Category: Alerts 2014
- Created on 24 July 2014
- 24 July 2014
Soon after Malaysian Airlines MH17 crashed near Donetsk, Ukraine on July 18, killing 298 people, the BBC website quickly, and rightly, set up a 'LIVE' feed with rolling reports and commentary on the disaster. This was clearly an important and dramatic event involving horrific loss of life with serious political implications. The public would, of course, be searching for the latest news.
However, since July 8, ten days prior to the crash, Israeli armed forces had been bombarding the trapped civilian population of Gaza with airstrikes, drone strikes and naval shelling.
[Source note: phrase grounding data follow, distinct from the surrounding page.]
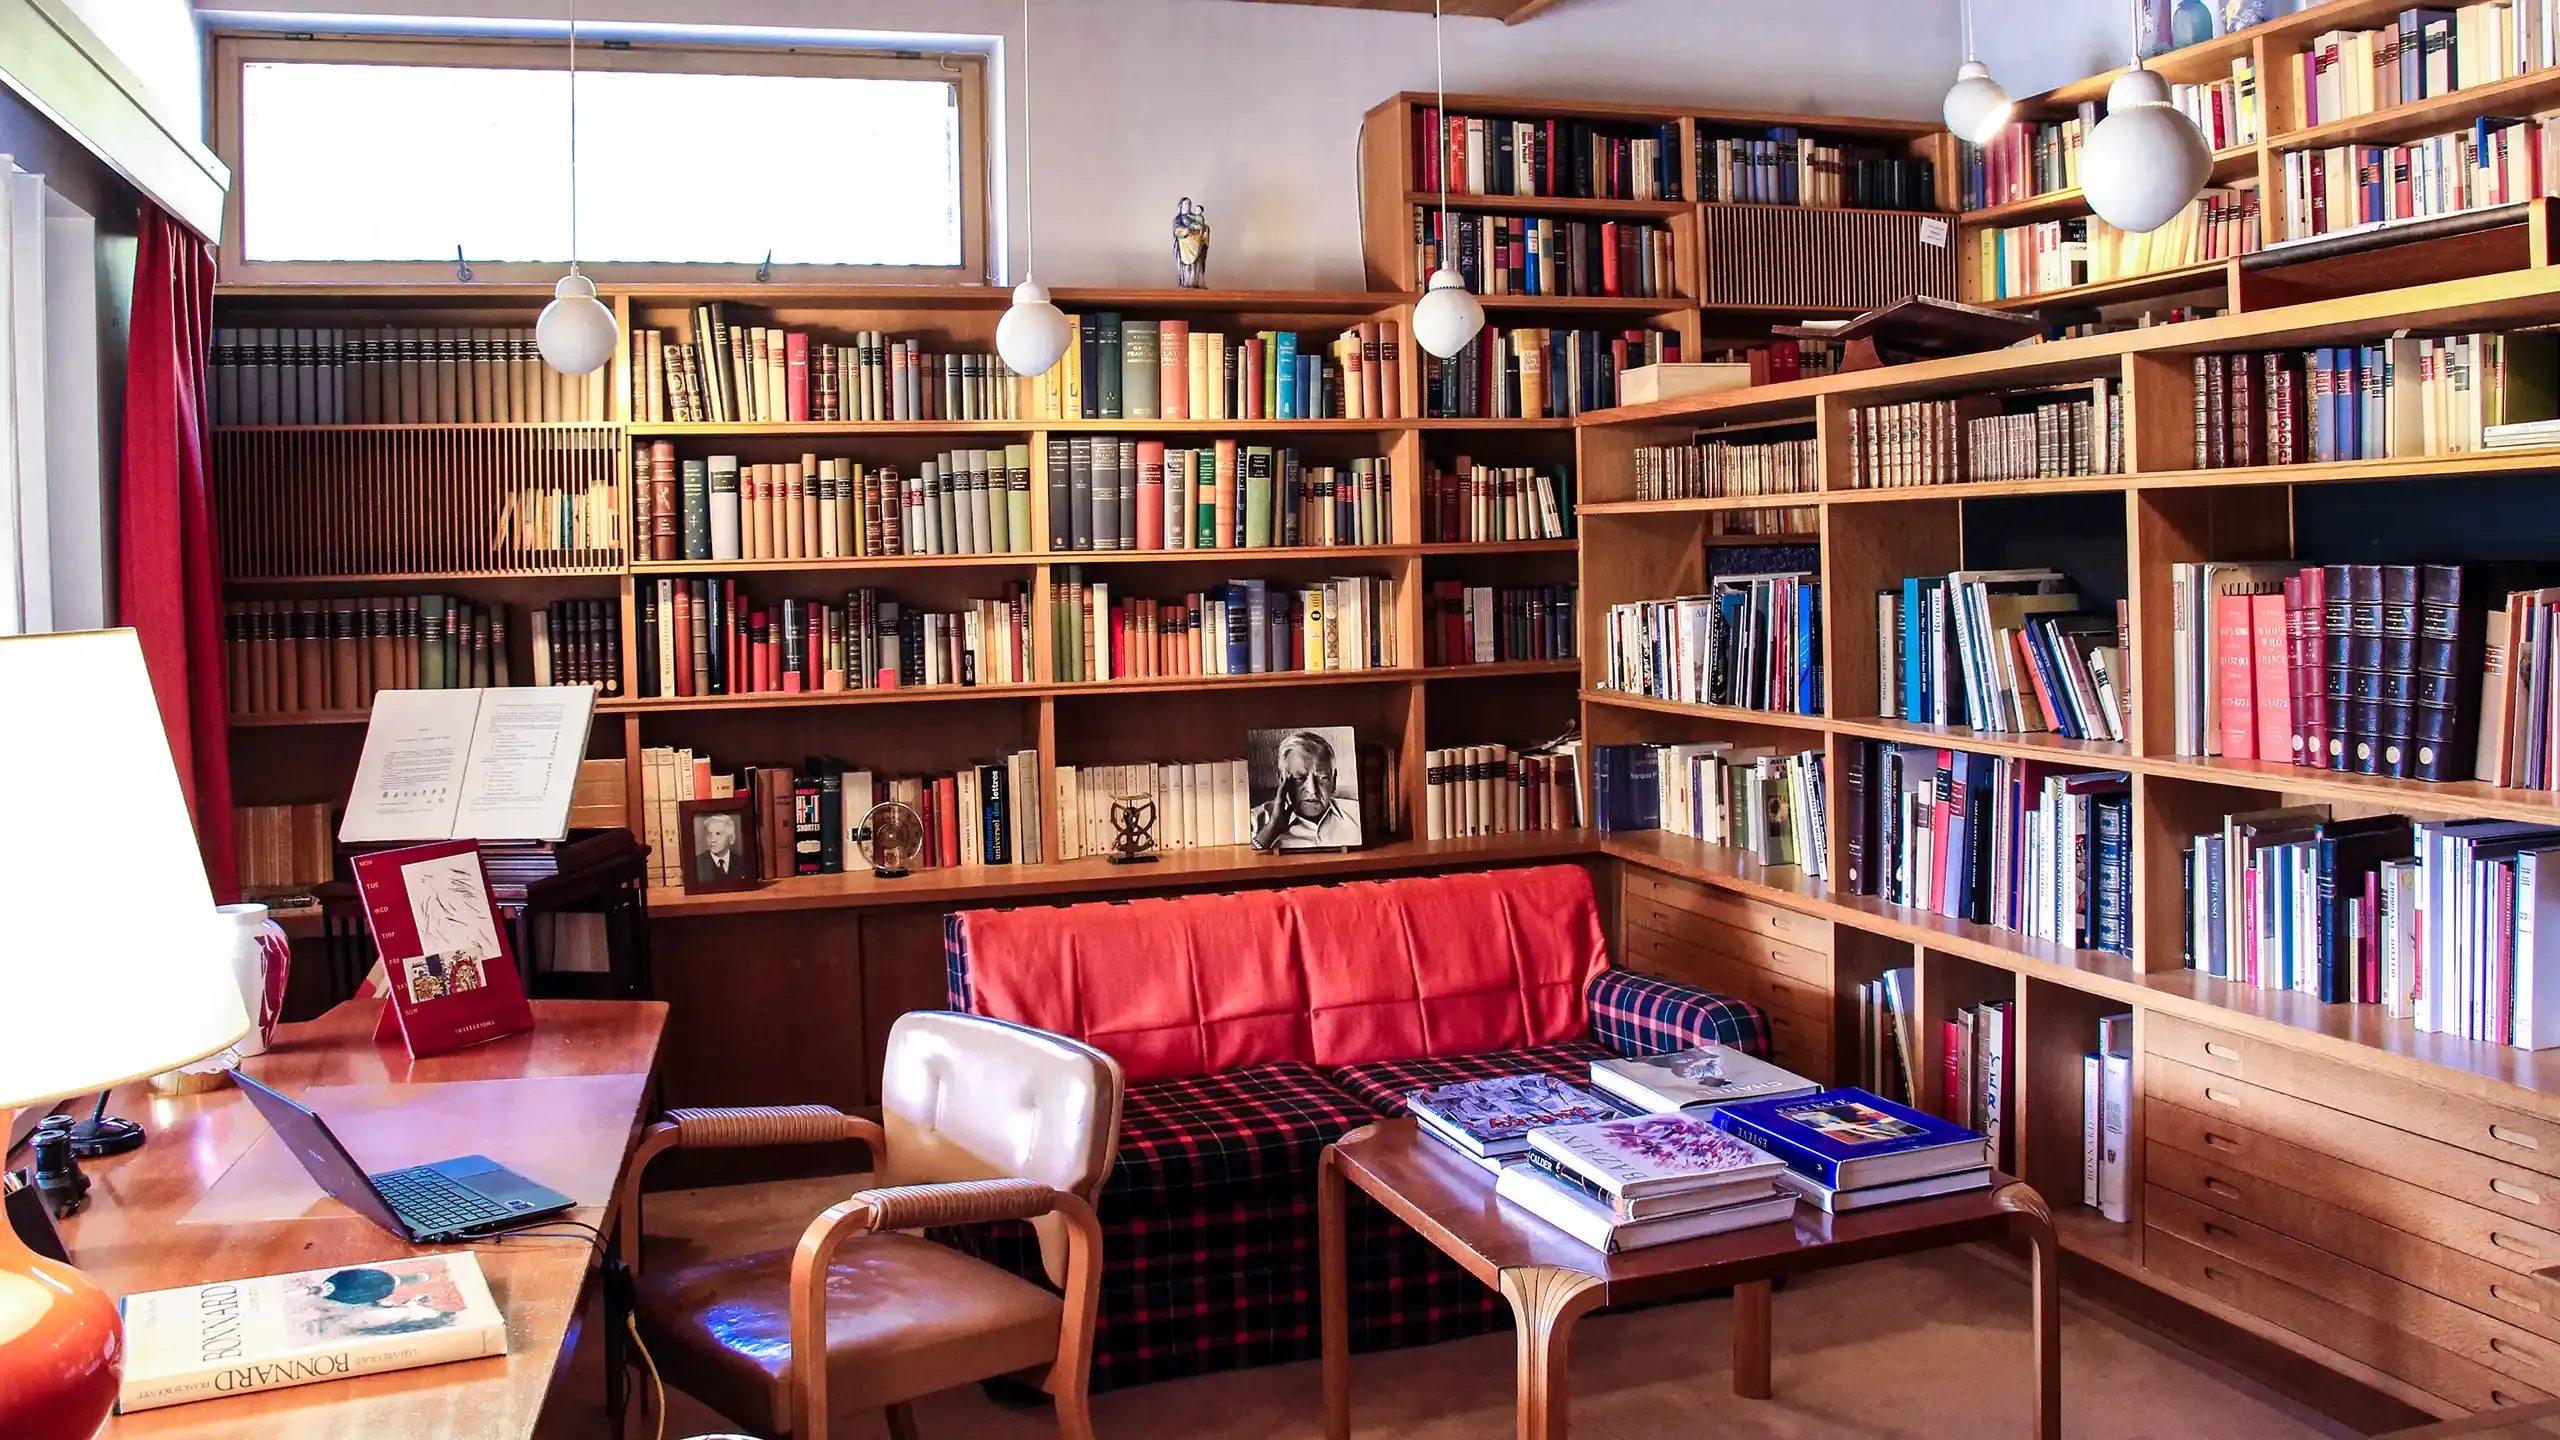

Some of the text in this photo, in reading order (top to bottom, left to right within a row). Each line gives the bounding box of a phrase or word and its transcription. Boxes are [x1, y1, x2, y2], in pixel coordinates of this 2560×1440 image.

[990, 770, 999, 800] lettres
[796, 823, 821, 833] SHORTER
[985, 807, 993, 862] dictionnaire
[993, 819, 1001, 861] universel
[358, 859, 373, 868] MON
[366, 882, 379, 890] TUE
[2211, 880, 2219, 918] PICASSO
[373, 906, 389, 915] WED
[381, 931, 395, 940] THU
[389, 958, 400, 966] FRI
[404, 1007, 418, 1017] SUN
[454, 1019, 496, 1035] INVITATIONS
[1694, 1079, 1784, 1098] CHANEL
[1530, 1152, 1553, 1172] CALDER
[1544, 1127, 1649, 1182] BAZAINE
[2086, 1122, 2096, 1182] BONNARD
[201, 1284, 243, 1363] BONNARD
[214, 1351, 350, 1393] BONNARD
[137, 1380, 210, 1400] FRANCIS BOUVET
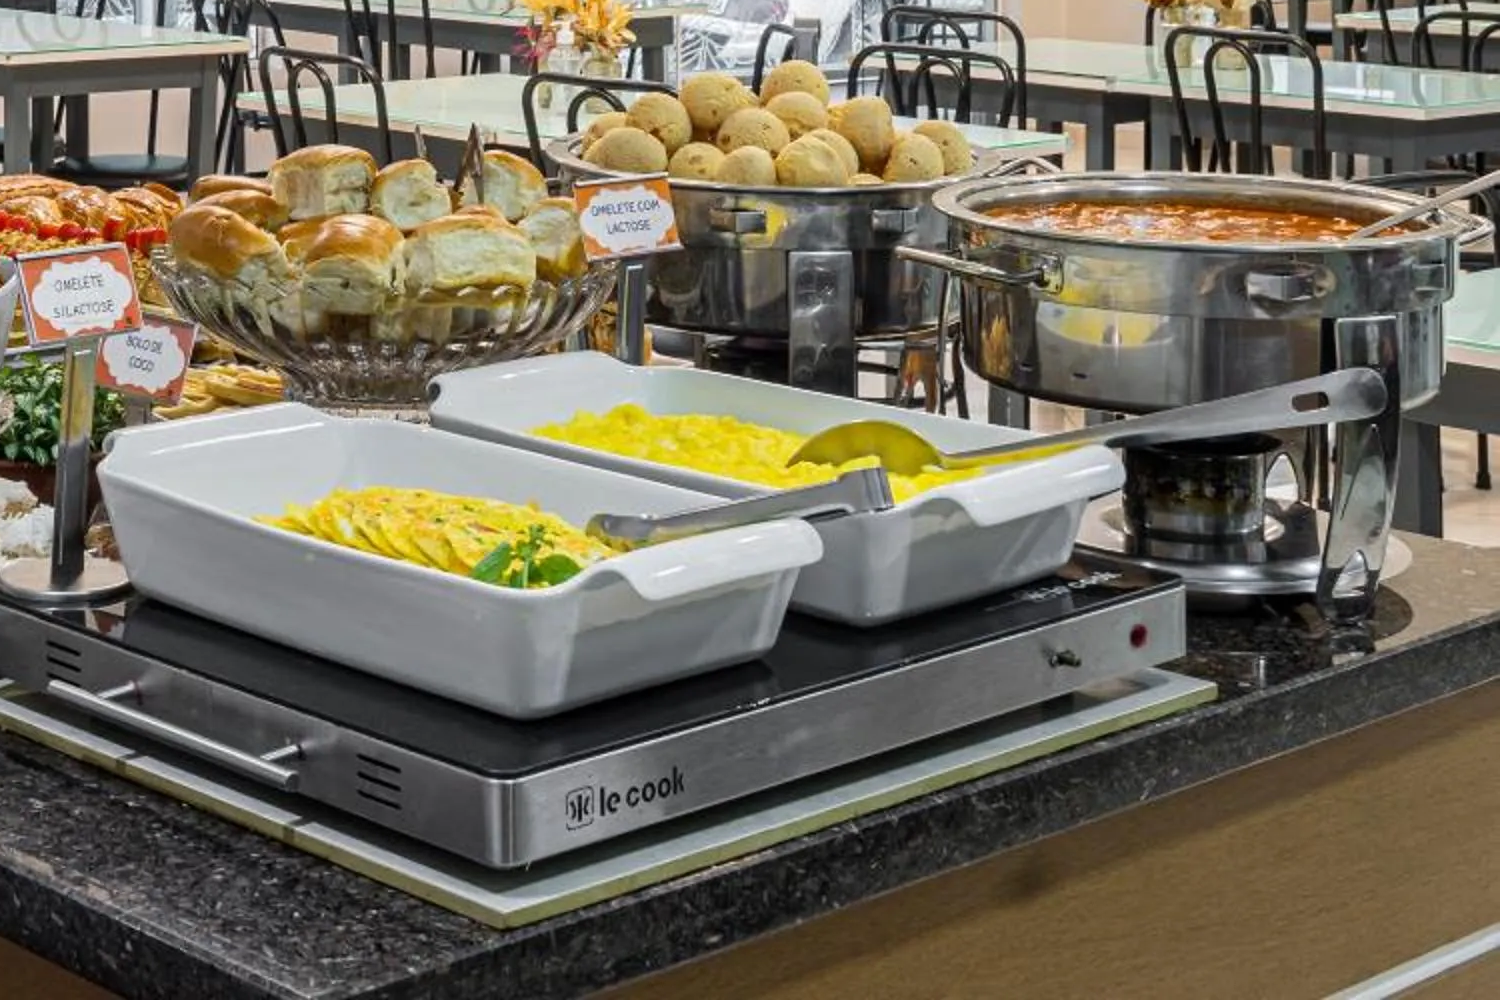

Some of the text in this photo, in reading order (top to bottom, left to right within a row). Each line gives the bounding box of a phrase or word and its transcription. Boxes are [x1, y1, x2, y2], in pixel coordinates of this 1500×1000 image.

As the massive Israeli assault ramped up on July 9, the World section of the BBC News website had this as its headline:
'Israel under renewed Hamas attack'
By July 18, around 300 people had been killed in Gaza, 80% of them civilians. The Israeli-Palestinian conflict is a key political issue of our time, one that was clearly developing by the minute after July 8. And yet at no point had the BBC set up a 'LIVE' feed with rolling news.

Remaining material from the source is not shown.